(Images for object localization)
____
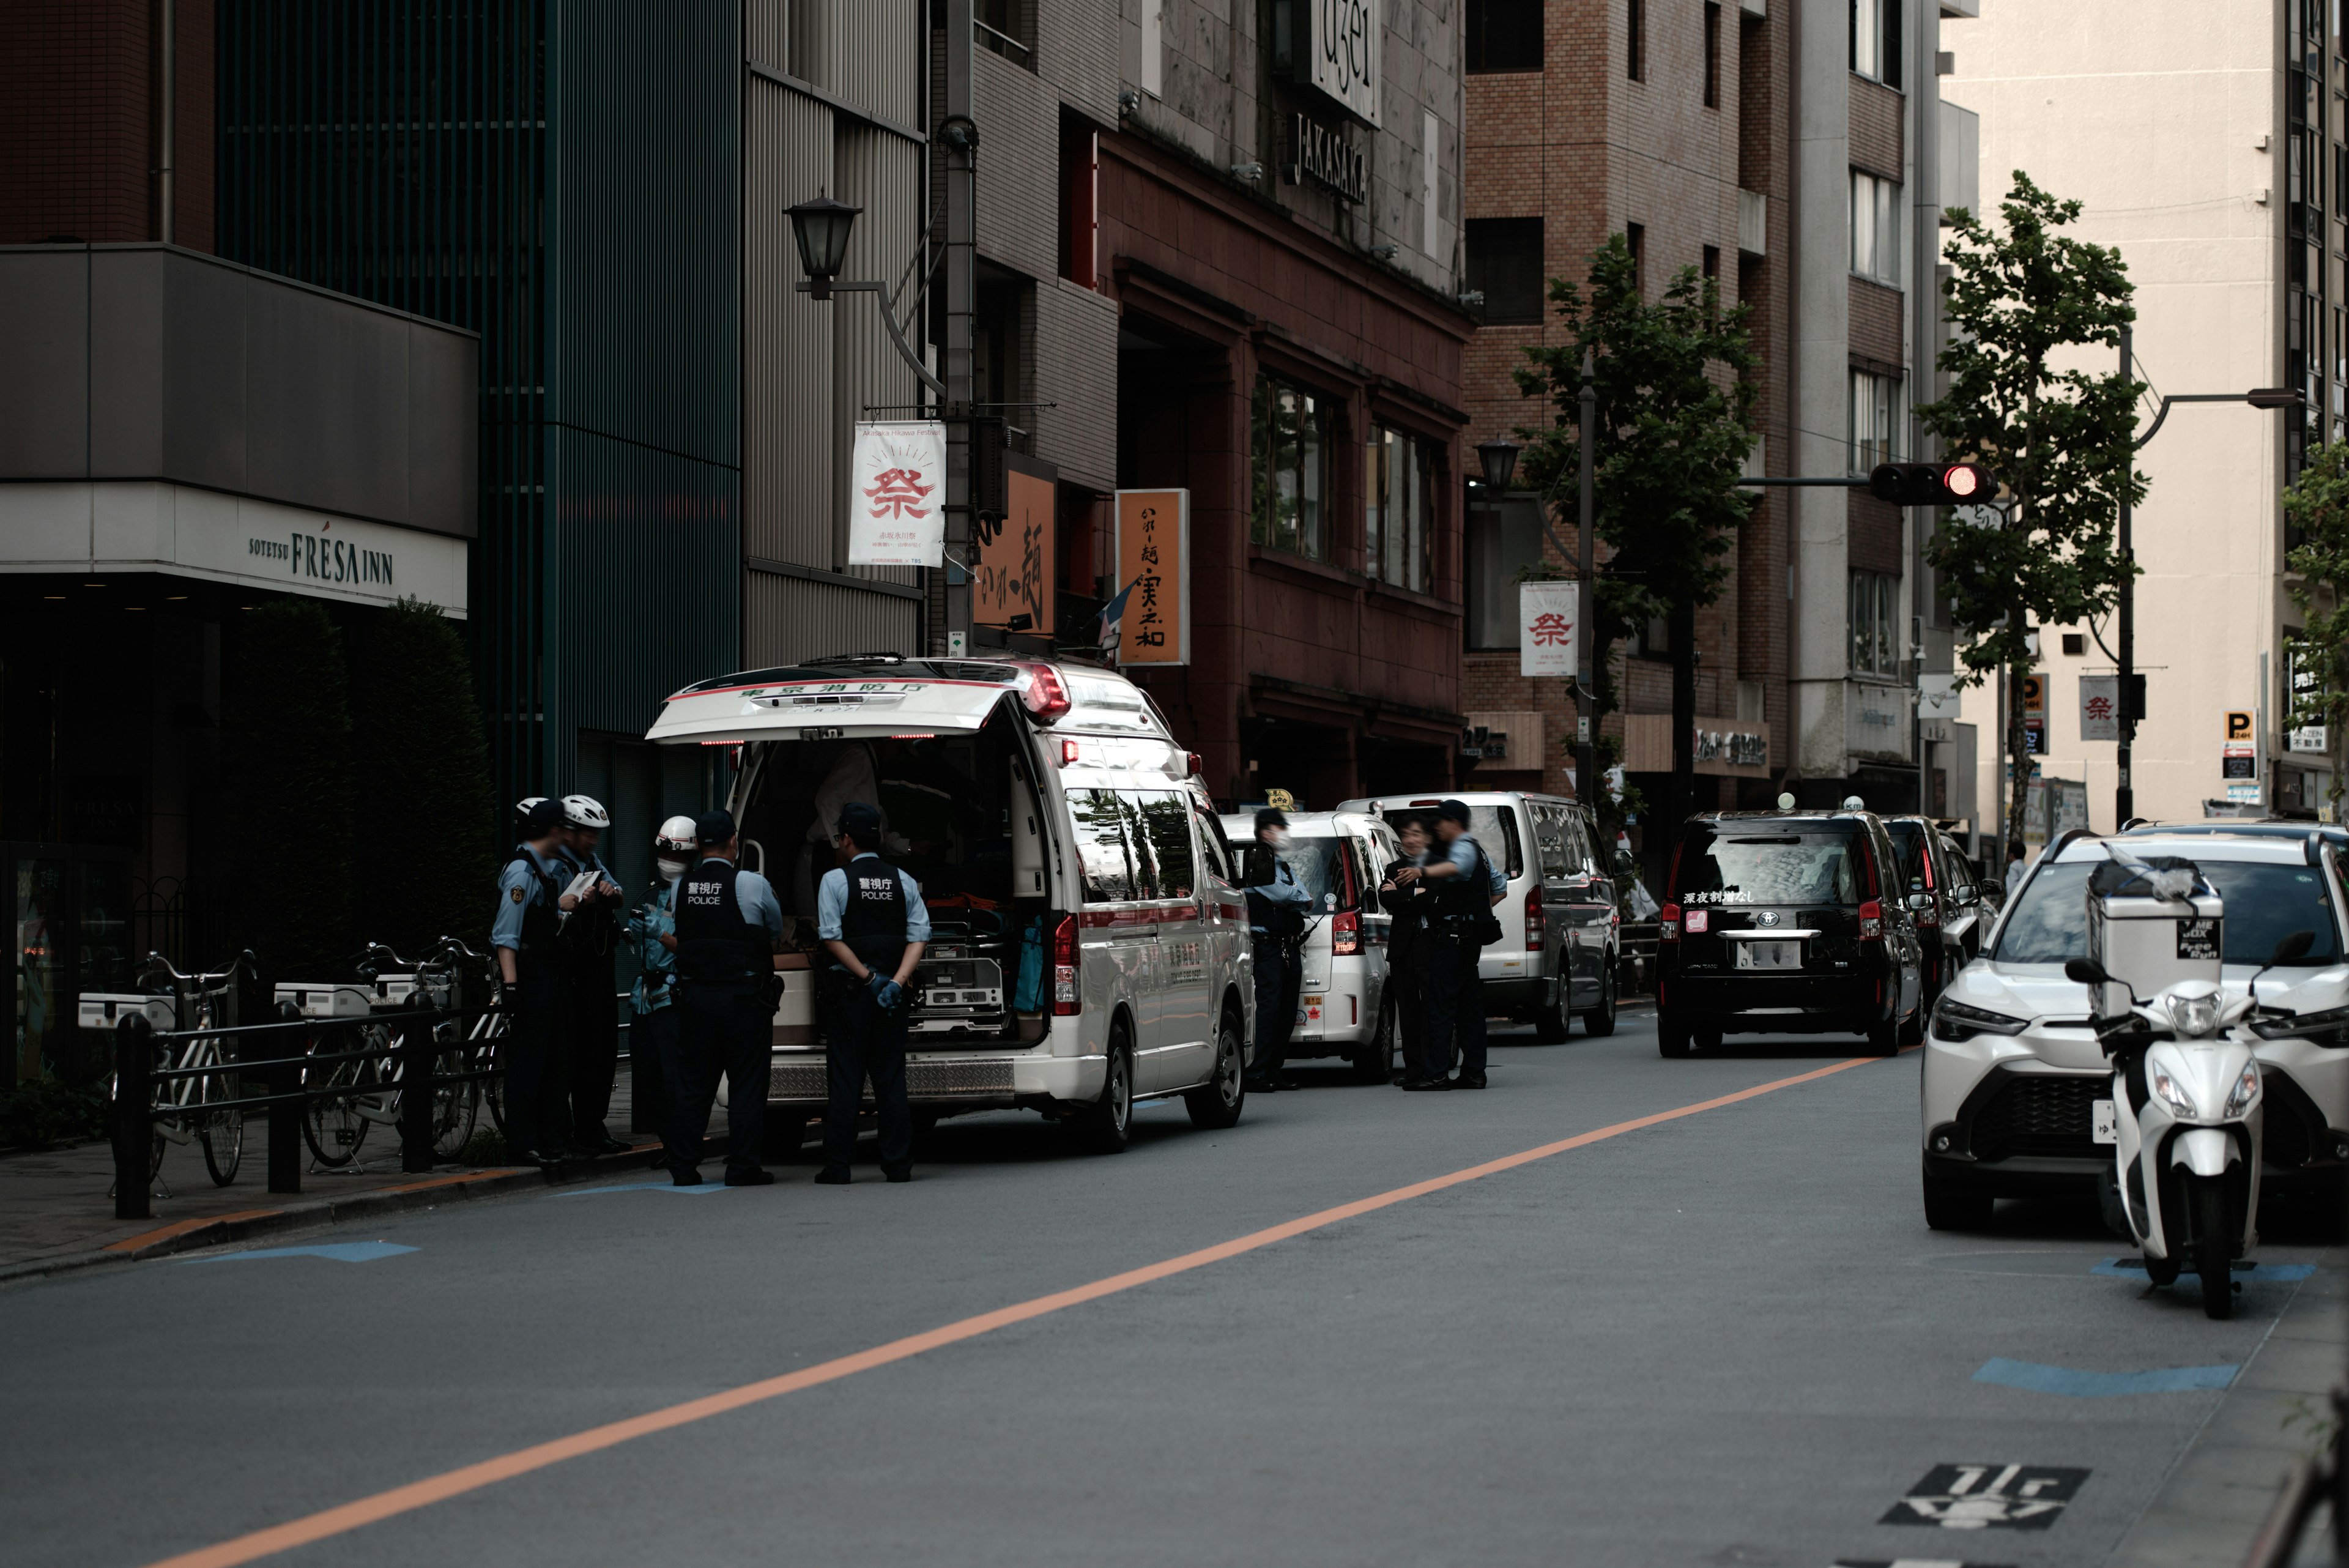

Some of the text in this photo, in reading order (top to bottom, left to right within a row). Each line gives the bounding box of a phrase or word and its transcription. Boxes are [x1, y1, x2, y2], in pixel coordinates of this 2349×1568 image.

[861, 468, 937, 521] 祭
[250, 521, 393, 585] SOTETSU FRÉSA INN
[1528, 613, 1575, 647] 祭
[738, 683, 929, 699] 東京消防庁
[2084, 696, 2114, 721] 祭
[2228, 713, 2250, 739] P
[2294, 738, 2323, 748] 不動産
[688, 882, 722, 895] 警視庁
[859, 877, 893, 891] 警視庁
[688, 896, 721, 905] POLICE
[861, 891, 893, 901] POLICE
[1683, 891, 1754, 904] 深夜割増なし
[1168, 943, 1200, 967] 東京消防庁
[2180, 943, 2213, 953] Free
[2191, 950, 2217, 960] Run
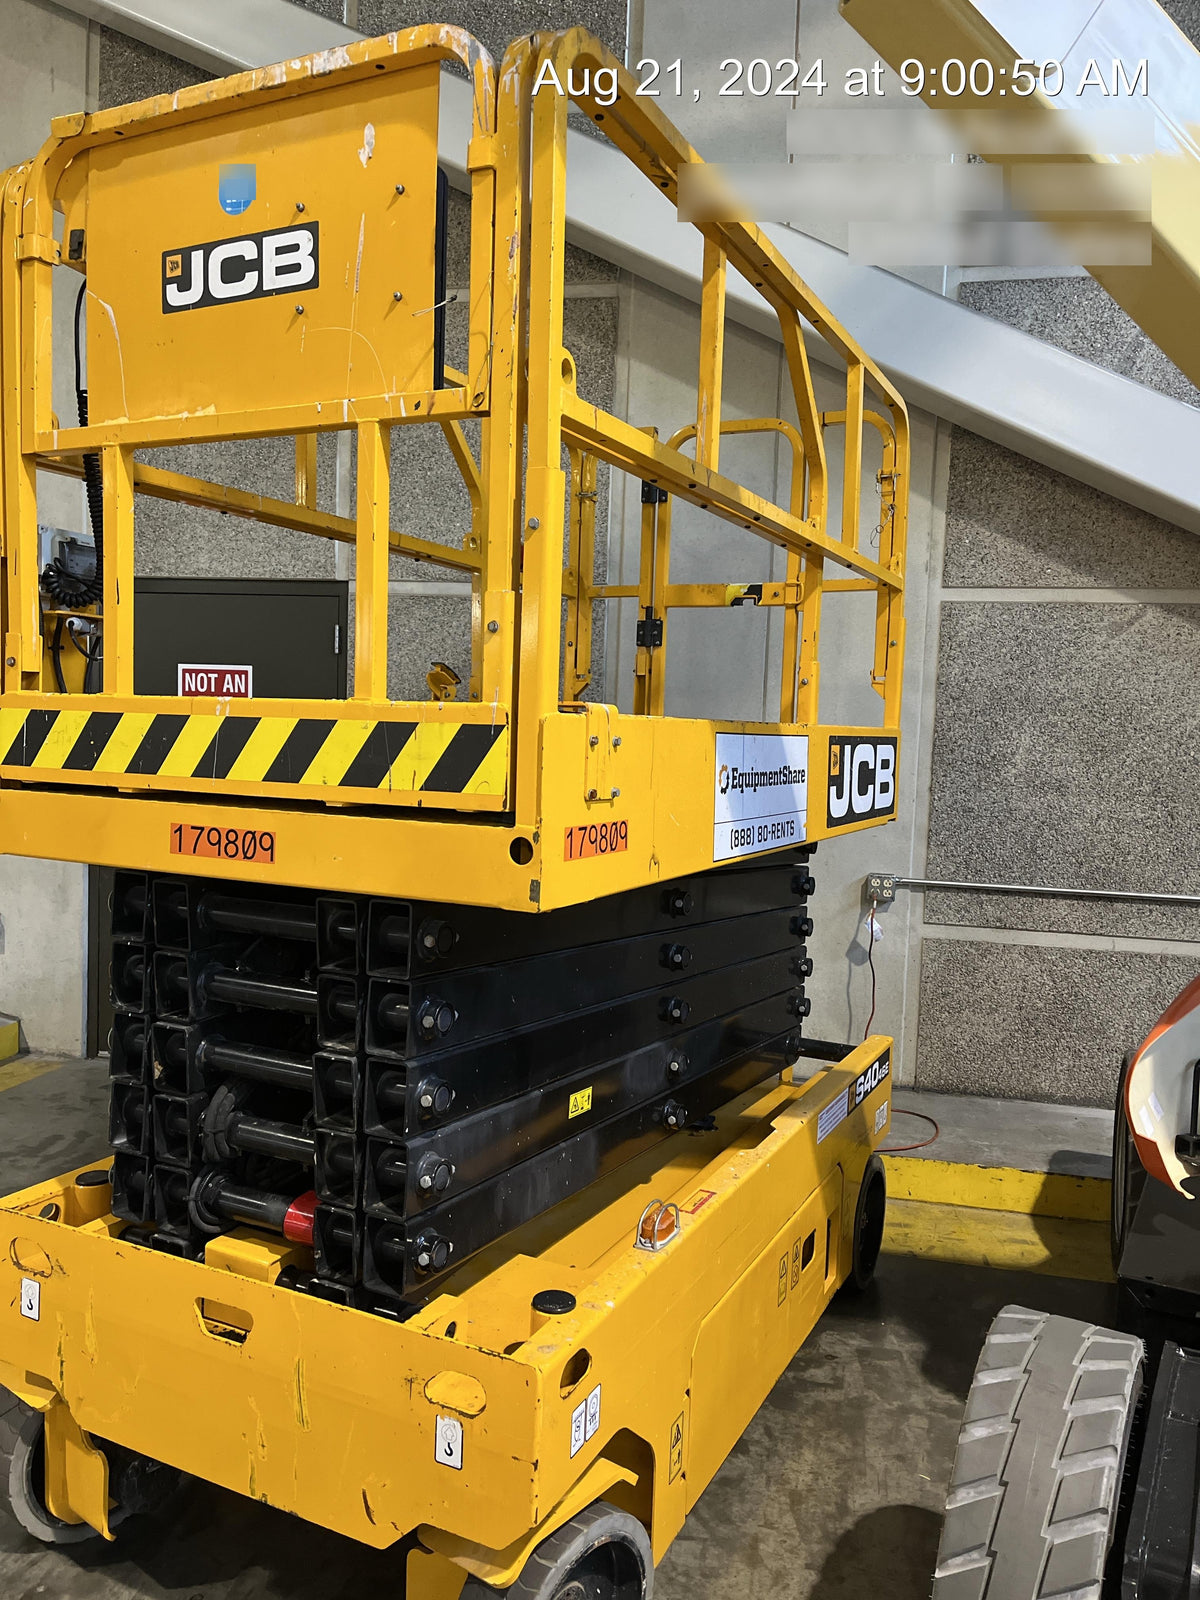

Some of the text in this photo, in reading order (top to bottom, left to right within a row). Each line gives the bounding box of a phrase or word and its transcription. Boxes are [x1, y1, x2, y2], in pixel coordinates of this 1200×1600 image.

[165, 229, 316, 307] JCB
[184, 672, 246, 694] NOT AN
[730, 765, 806, 794] EquipmentShare
[829, 743, 896, 819] JCB
[173, 824, 276, 863] 179809
[566, 820, 628, 859] 179809
[730, 820, 796, 850] (888) 80-RENTS
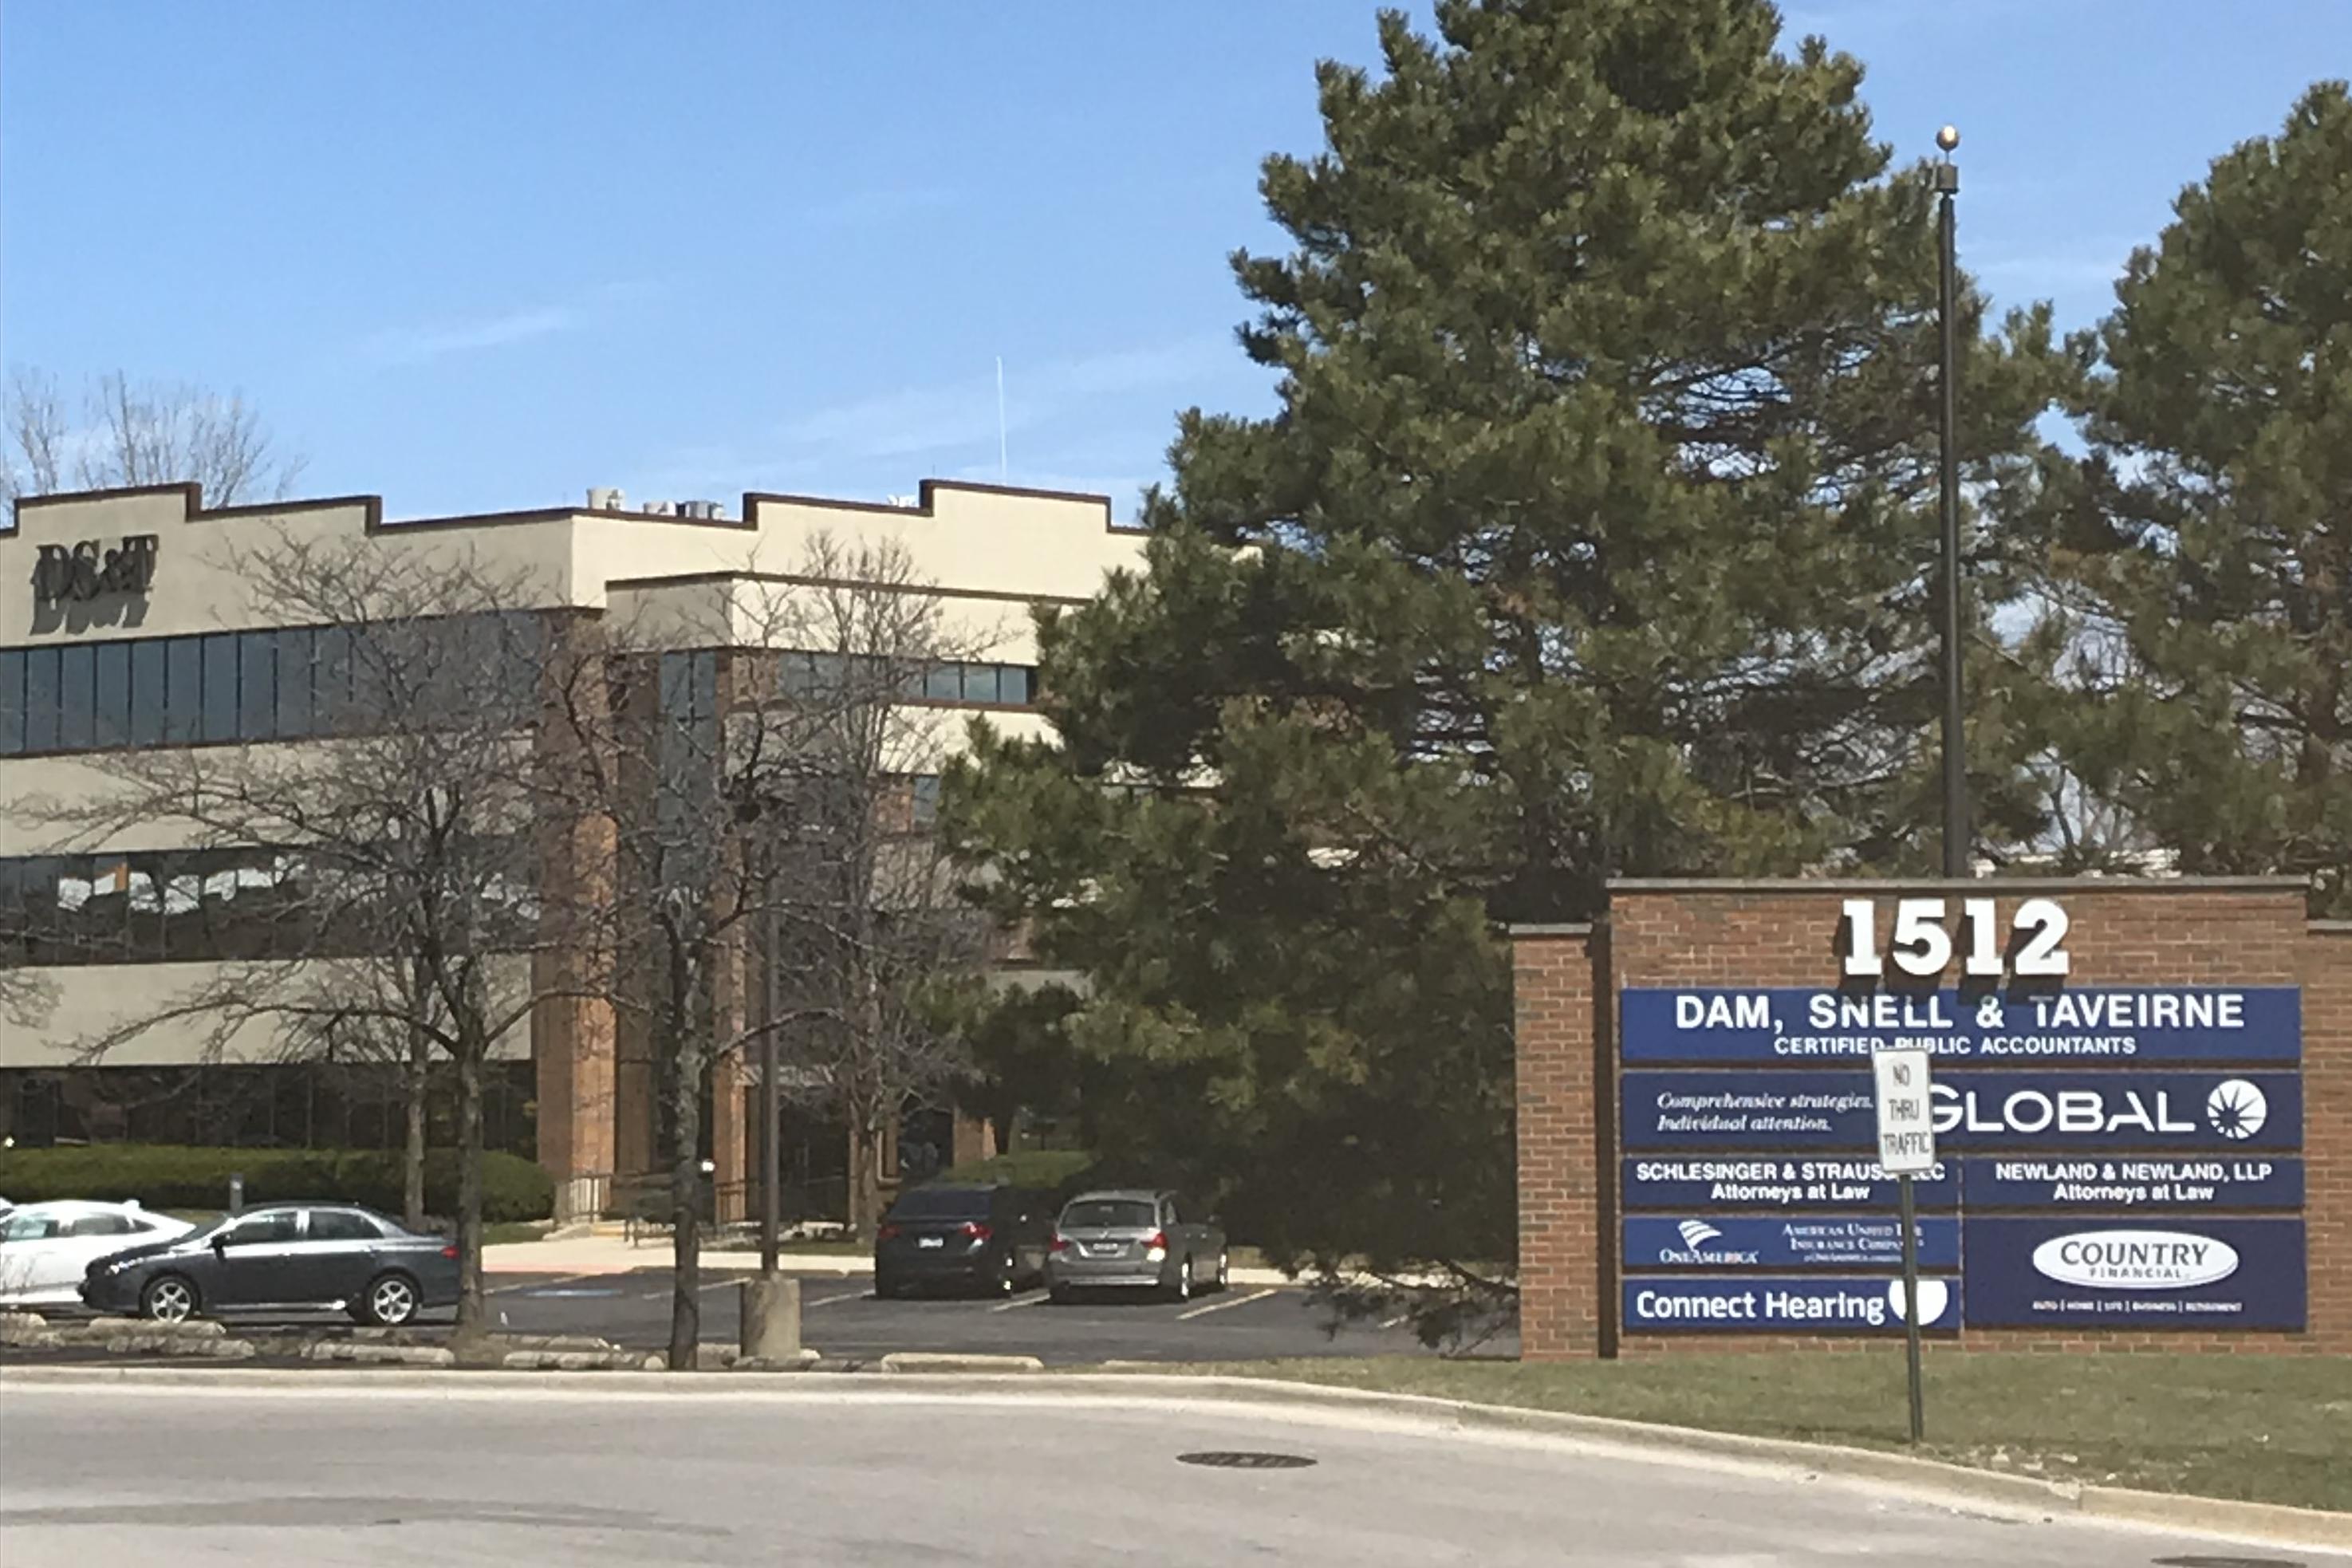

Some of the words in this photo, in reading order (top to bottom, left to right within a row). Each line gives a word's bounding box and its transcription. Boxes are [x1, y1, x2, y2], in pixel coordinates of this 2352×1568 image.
____
TASK PROMPT — A verbatim copy of the data, pictures removed, is the expected result.

EXERCISE ANSWER —
Some of the text in this photo, in reading order (top to bottom, left to right within a row). Each line gives the bounding box of a phrase or word and its transcription. Boxes are [x1, y1, x2, y2], in pixel coordinates of this 2349×1568 image.

[861, 468, 937, 521] 祭
[250, 521, 393, 585] SOTETSU FRÉSA INN
[1528, 613, 1575, 647] 祭
[738, 683, 929, 699] 東京消防庁
[2084, 696, 2114, 721] 祭
[2228, 713, 2250, 739] P
[2294, 738, 2323, 748] 不動産
[688, 882, 722, 895] 警視庁
[859, 877, 893, 891] 警視庁
[688, 896, 721, 905] POLICE
[861, 891, 893, 901] POLICE
[1683, 891, 1754, 904] 深夜割増なし
[1168, 943, 1200, 967] 東京消防庁
[2180, 943, 2213, 953] Free
[2191, 950, 2217, 960] Run

Some of the text in this photo, in reading order (top to bottom, left to right within a row). Each line gives the bounding box of a phrase or word and its transcription. Boxes are [x1, y1, x2, y2], in pixel coordinates of this 1200×1600 image.

[165, 229, 316, 307] JCB
[184, 672, 246, 694] NOT AN
[730, 765, 806, 794] EquipmentShare
[829, 743, 896, 819] JCB
[173, 824, 276, 863] 179809
[566, 820, 628, 859] 179809
[730, 820, 796, 850] (888) 80-RENTS

Some of the words in this photo, in reading order (top to bottom, left to right within a row). Each line gives a word's bounding box and its transcription. Boxes are [x1, y1, x2, y2], in pixel coordinates of this 2352×1568 image.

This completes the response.